Task description — Output the span of lines from the one that contains "Some of the text" through the end of the records, inclusive, exactly as written and free of pictures.

Collected data

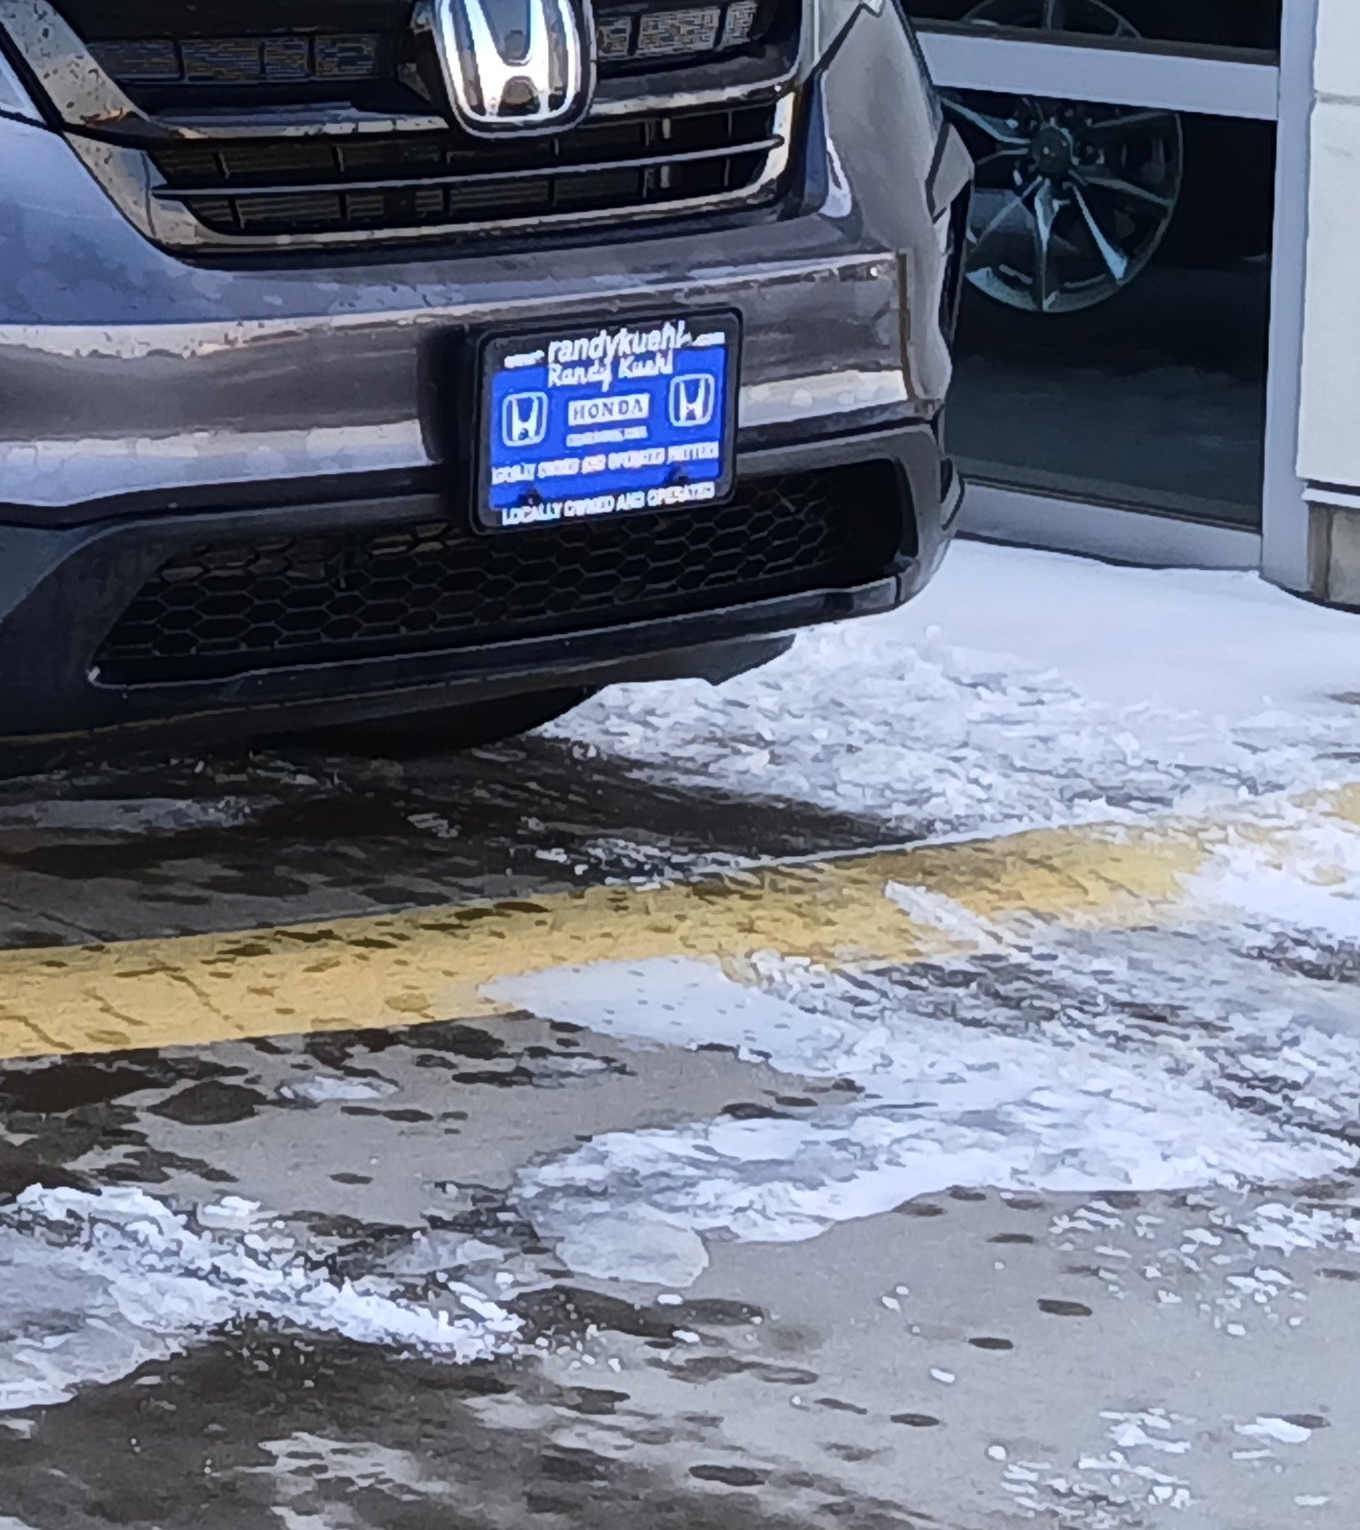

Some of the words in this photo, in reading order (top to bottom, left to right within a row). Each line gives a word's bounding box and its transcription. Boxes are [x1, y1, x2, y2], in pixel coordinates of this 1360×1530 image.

[548, 359, 612, 392] Randy
[573, 398, 643, 421] HONDA
[502, 502, 562, 526] LOCALLY
[564, 495, 615, 517] OWNED
[616, 490, 645, 512] AND
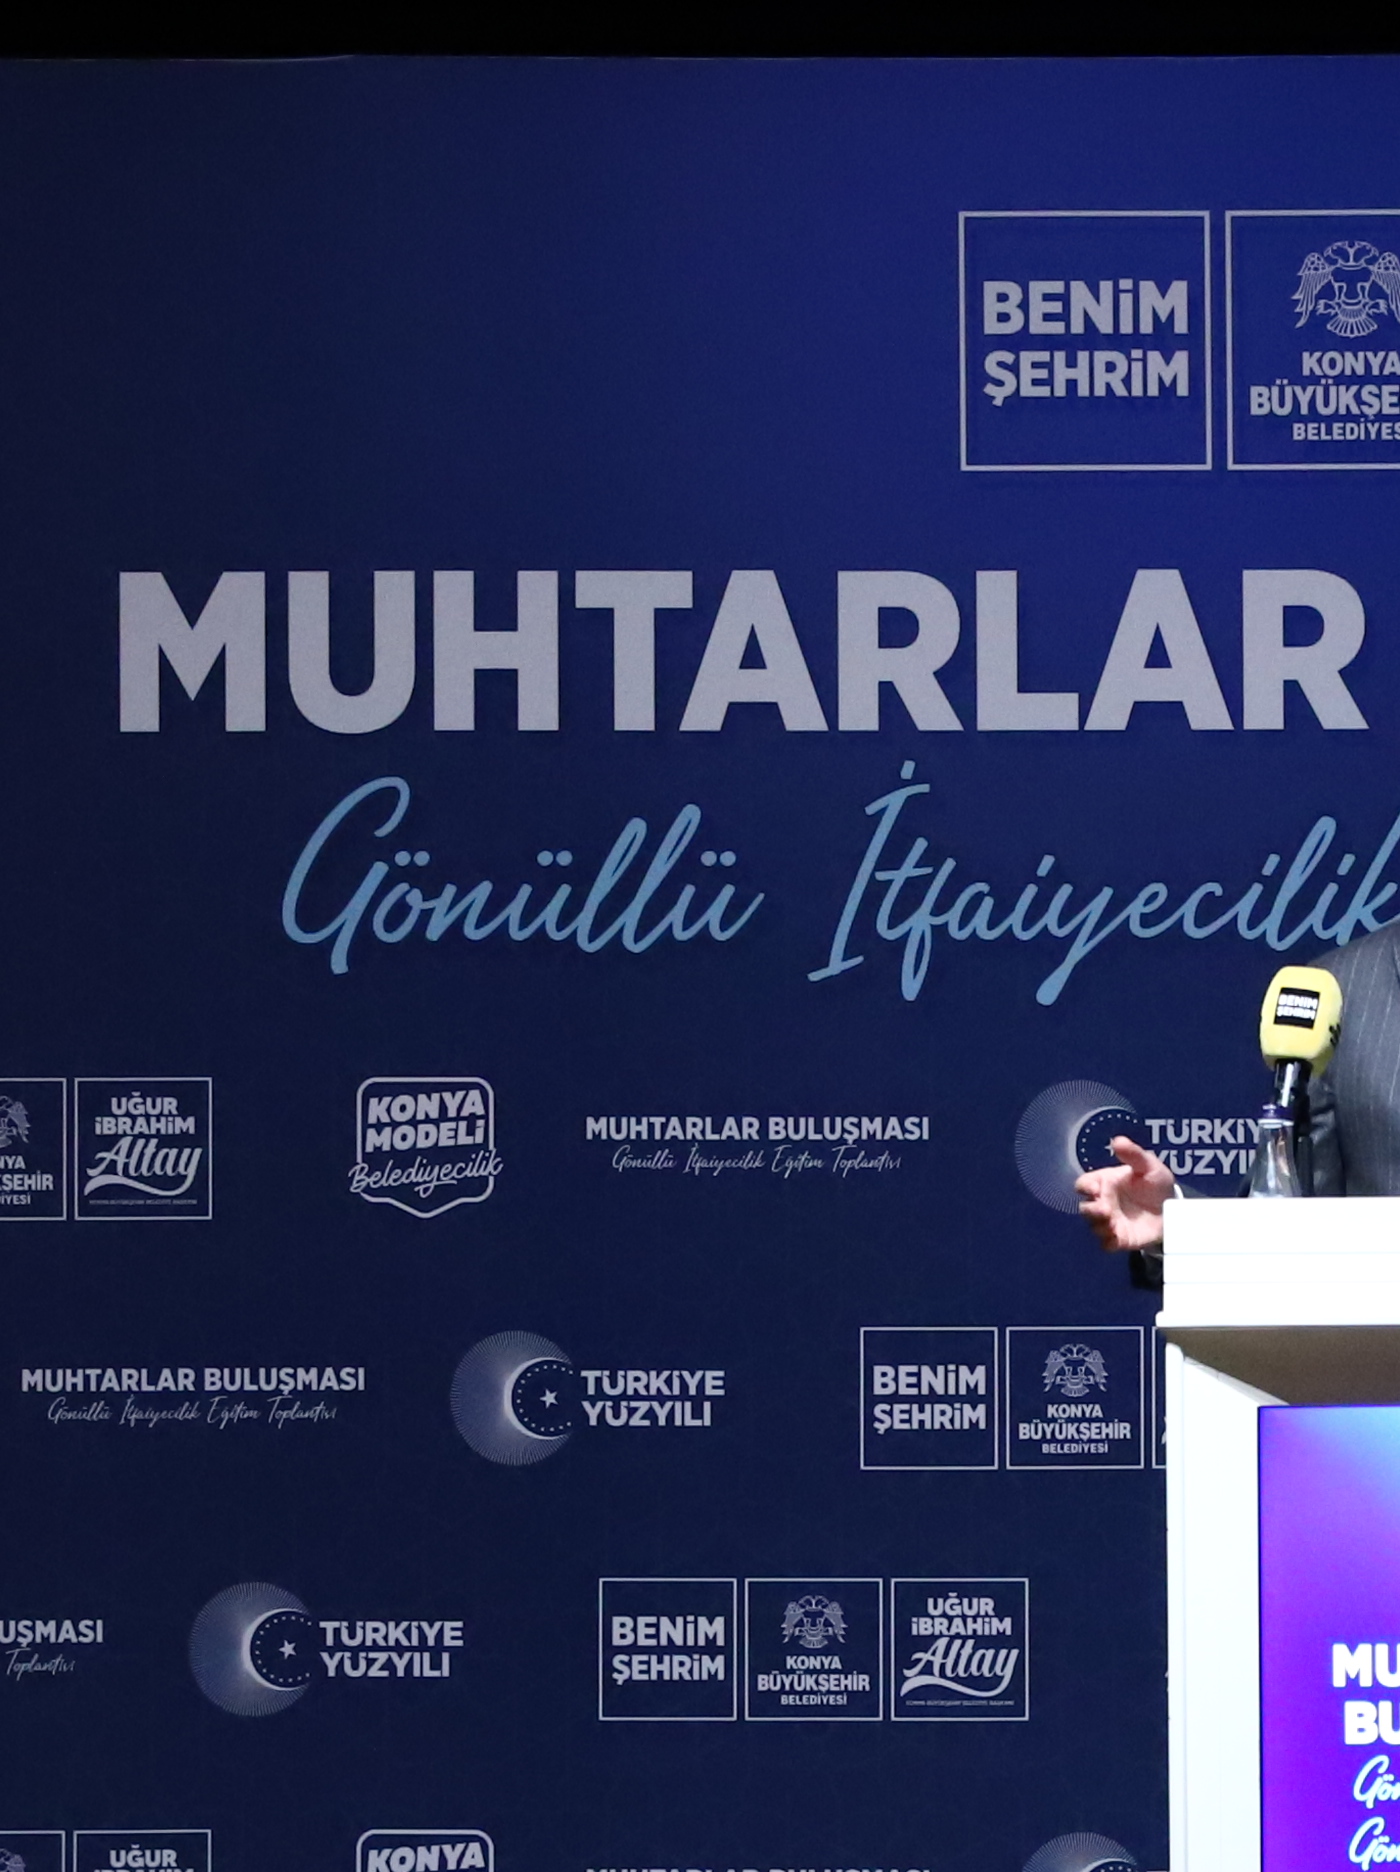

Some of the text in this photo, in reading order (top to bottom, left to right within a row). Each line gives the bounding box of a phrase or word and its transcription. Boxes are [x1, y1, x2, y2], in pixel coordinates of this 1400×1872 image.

[120, 569, 1369, 733] MUHTARLAR
[282, 777, 764, 974] Gönüllü
[111, 1092, 178, 1115] UĞUR
[367, 1089, 485, 1124] KONYA
[587, 1117, 929, 1146] MUHTARLAR BULUŞMASI
[84, 1136, 202, 1196] Altay
[348, 1148, 504, 1198] Belediyecilik
[613, 1145, 673, 1172] Gönüllü
[22, 1367, 364, 1397] MUHTARLAR BULUŞMASI
[1048, 1404, 1103, 1420] KONYA
[1019, 1419, 1131, 1443] BÜYÜKŞEHİR
[1042, 1441, 1108, 1453] BELEDİYESİ
[928, 1593, 995, 1616] UĞUR
[0, 1619, 104, 1648] UŞMASI
[786, 1656, 842, 1672] KONYA
[900, 1637, 1019, 1697] Altay
[758, 1671, 870, 1692] BÜYÜKŞEHİR
[110, 1845, 177, 1867] UĞUR
[367, 1842, 485, 1872] KONYA
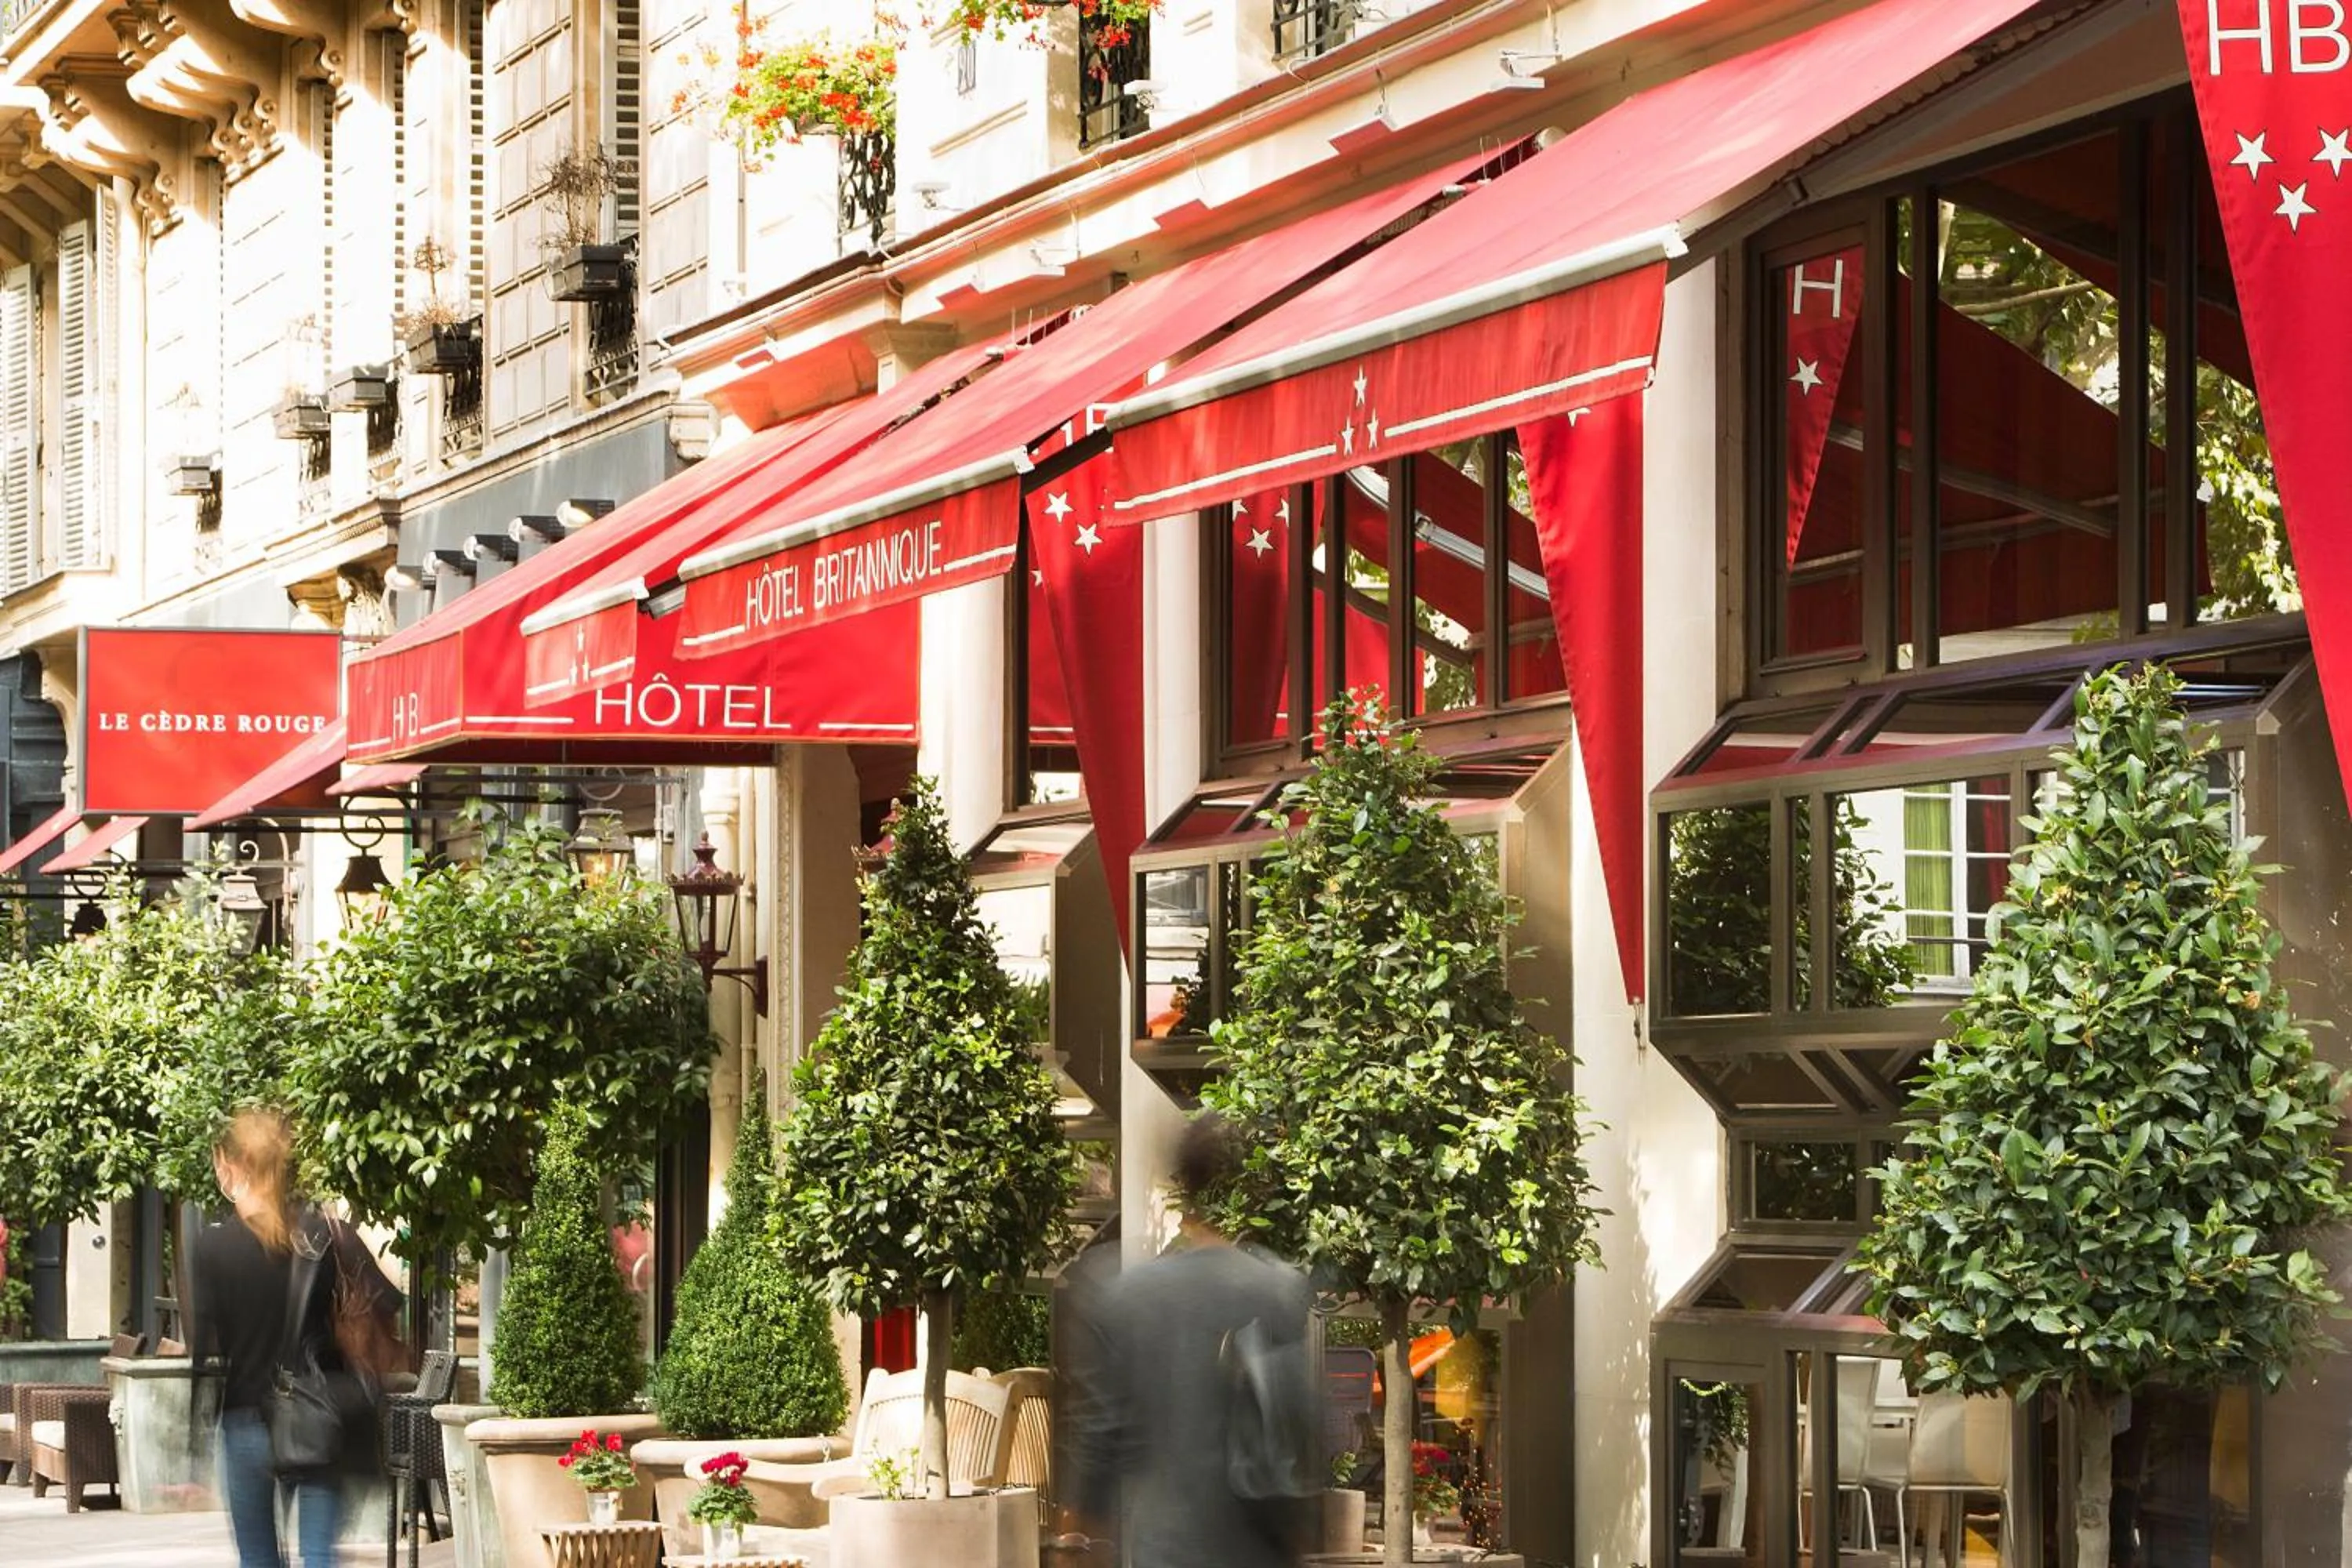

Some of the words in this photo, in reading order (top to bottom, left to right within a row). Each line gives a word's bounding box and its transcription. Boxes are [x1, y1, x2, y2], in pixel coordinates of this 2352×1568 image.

[2208, 0, 2350, 75] HB
[746, 562, 804, 630] HÔTEL
[814, 520, 941, 610] BRITANNIQUE
[100, 713, 129, 731] LE
[140, 710, 227, 732] CÈDRE
[238, 714, 326, 733] ROUGE
[596, 672, 791, 728] HÔTEL

The answer —
Some of the text in this photo, in reading order (top to bottom, left to right within a row). Each line gives the bounding box of a phrase or word and its transcription. Boxes are [x1, y1, x2, y2], in pixel coordinates of this 1400×1872 image.

[120, 569, 1369, 733] MUHTARLAR
[282, 777, 764, 974] Gönüllü
[111, 1092, 178, 1115] UĞUR
[367, 1089, 485, 1124] KONYA
[587, 1117, 929, 1146] MUHTARLAR BULUŞMASI
[84, 1136, 202, 1196] Altay
[348, 1148, 504, 1198] Belediyecilik
[613, 1145, 673, 1172] Gönüllü
[22, 1367, 364, 1397] MUHTARLAR BULUŞMASI
[1048, 1404, 1103, 1420] KONYA
[1019, 1419, 1131, 1443] BÜYÜKŞEHİR
[1042, 1441, 1108, 1453] BELEDİYESİ
[928, 1593, 995, 1616] UĞUR
[0, 1619, 104, 1648] UŞMASI
[786, 1656, 842, 1672] KONYA
[900, 1637, 1019, 1697] Altay
[758, 1671, 870, 1692] BÜYÜKŞEHİR
[110, 1845, 177, 1867] UĞUR
[367, 1842, 485, 1872] KONYA

Some of the words in this photo, in reading order (top to bottom, left to right within a row). Each line gives a word's bounding box and its transcription. Boxes are [x1, y1, x2, y2], in pixel coordinates of this 2352×1568 image.

[2208, 0, 2350, 75] HB
[746, 562, 804, 630] HÔTEL
[814, 520, 941, 610] BRITANNIQUE
[100, 713, 129, 731] LE
[140, 710, 227, 732] CÈDRE
[238, 714, 326, 733] ROUGE
[596, 672, 791, 728] HÔTEL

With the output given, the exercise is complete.